-- RECORDS SHOWN --
───
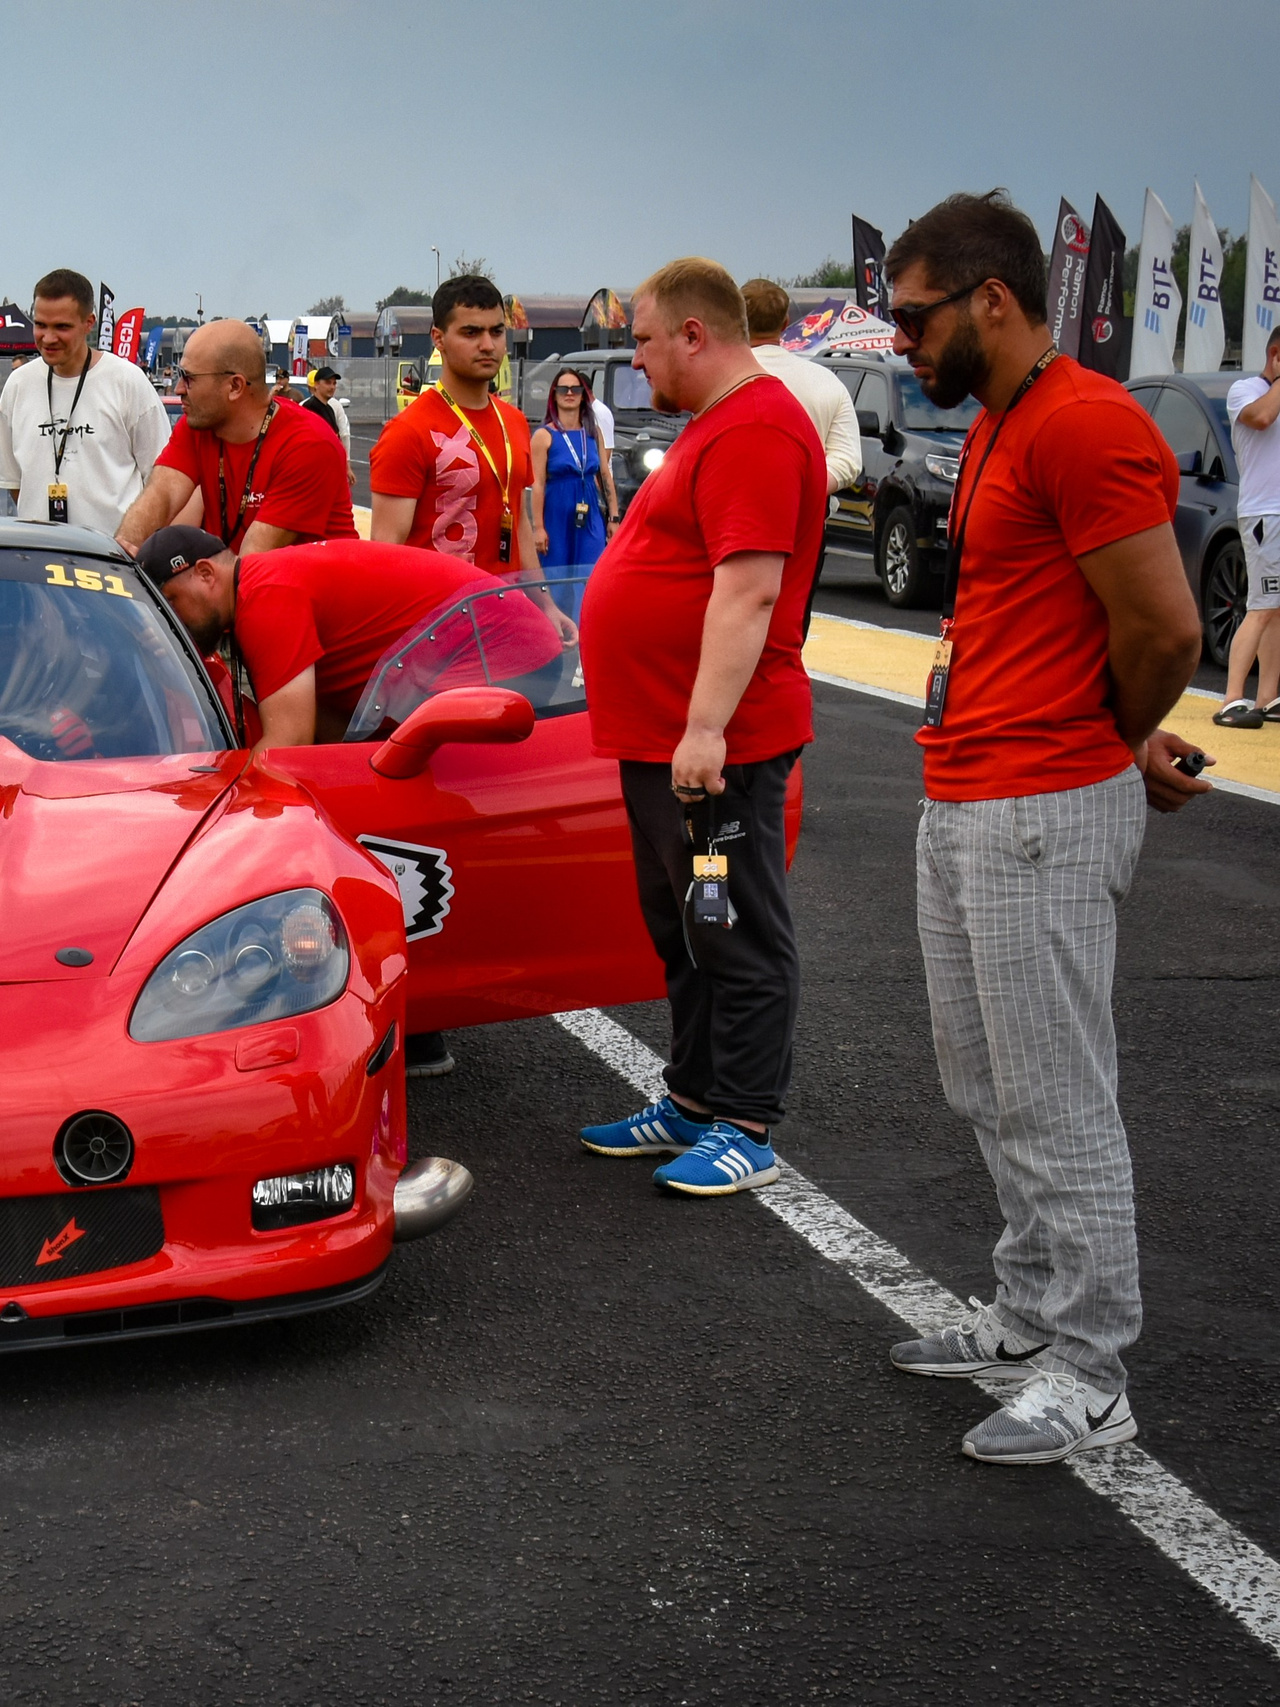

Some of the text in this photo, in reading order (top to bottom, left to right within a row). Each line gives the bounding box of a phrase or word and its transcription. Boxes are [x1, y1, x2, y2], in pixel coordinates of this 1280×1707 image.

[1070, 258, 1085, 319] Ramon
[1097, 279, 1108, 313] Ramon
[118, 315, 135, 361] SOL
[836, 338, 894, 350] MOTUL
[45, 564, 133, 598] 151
───
-- WHAT YOU ARE ASKED TO DO --
Output all the entries exactly, minus any pictures.

-- ANSWER SECTION --
Some of the text in this photo, in reading order (top to bottom, left to right within a row). Each line gives the bounding box of a phrase or word and its transcription. Boxes are [x1, y1, x2, y2], in pixel coordinates of this 1280×1707 image.

[1070, 258, 1085, 319] Ramon
[1097, 279, 1108, 313] Ramon
[118, 315, 135, 361] SOL
[836, 338, 894, 350] MOTUL
[45, 564, 133, 598] 151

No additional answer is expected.